Fig 5.

5′ss D3 up and down mutations modulate HIV-1 exon 3 splicing and vpr mRNA formation. (A) Silent mutations predicted to decrease or increase the complementarity to the 5′ end of the endogenous U1 snRNA were introduced into viral 5′ss D3. Exonic nucleotides are denoted in uppercase letters, and intronic nucleotides are denoted in lowercase letters. Complementarity and predicted intrinsic strength by HBond score (HBS) and MaxEnt score algorithms are both shown next to the 5′ss sequence. Nucleotides complementary to the U1 snRNA are in capital letters, while mismatches to the U1 snRNA are in lowercase letters. (B) HEK 293T cells (2.5 × 10⁵) were transiently transfected with 1 μg of each of the different infectious clones. RNA was isolated from the cells, DNase I digested, and reverse transcribed. The resultant cDNA served as the DNA template in semiquantitative PCRs using primer pairs E1/I4 and E1/E7 to specifically detect viral 4.0- and 1.8-kb viral mRNAs, respectively. Proviral mutants are shown above the panels.

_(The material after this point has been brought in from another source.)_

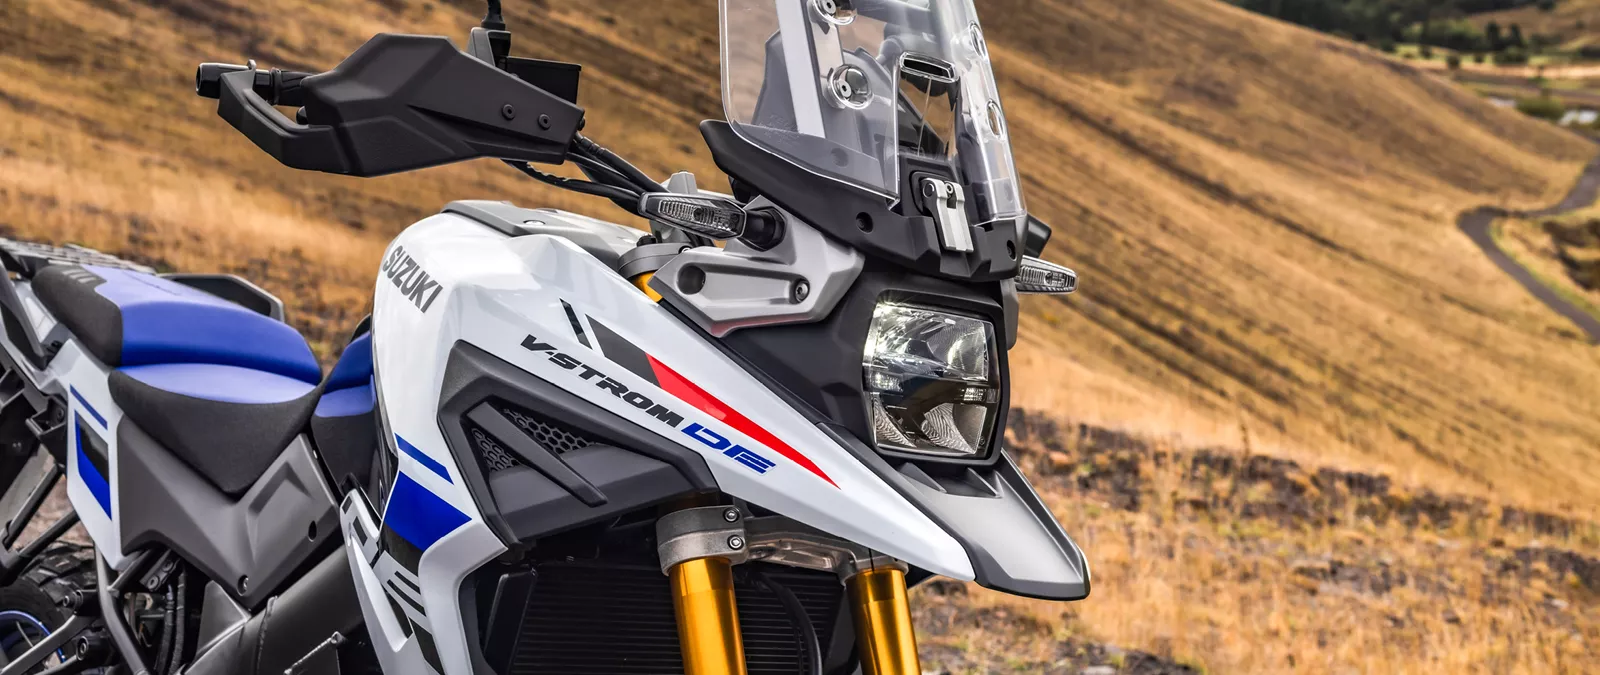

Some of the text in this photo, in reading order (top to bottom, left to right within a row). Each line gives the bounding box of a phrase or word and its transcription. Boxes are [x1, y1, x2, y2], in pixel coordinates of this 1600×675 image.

The main HIV-1 mRNA species are indicated at the right. (C) Protein lysates and viral supernatants were collected from HEK 293T cells transfected with 1 μg of pNL4-3 or mutant derivatives. Samples were loaded on 12% SDS-polyacrylamide gels and, after separation, transferred to nitrocellulose membranes. Viral proteins and α-actin (as a loading control) were determined by probing with specific primary antibodies. For detection, appropriate HRP-conjugated antibodies and ECL detection reagent were applied. HBS, HBond score; MaxEnt, MaxEnt score; dm, double mutation; E, extended exon; sn, supernatant; ly, lysate.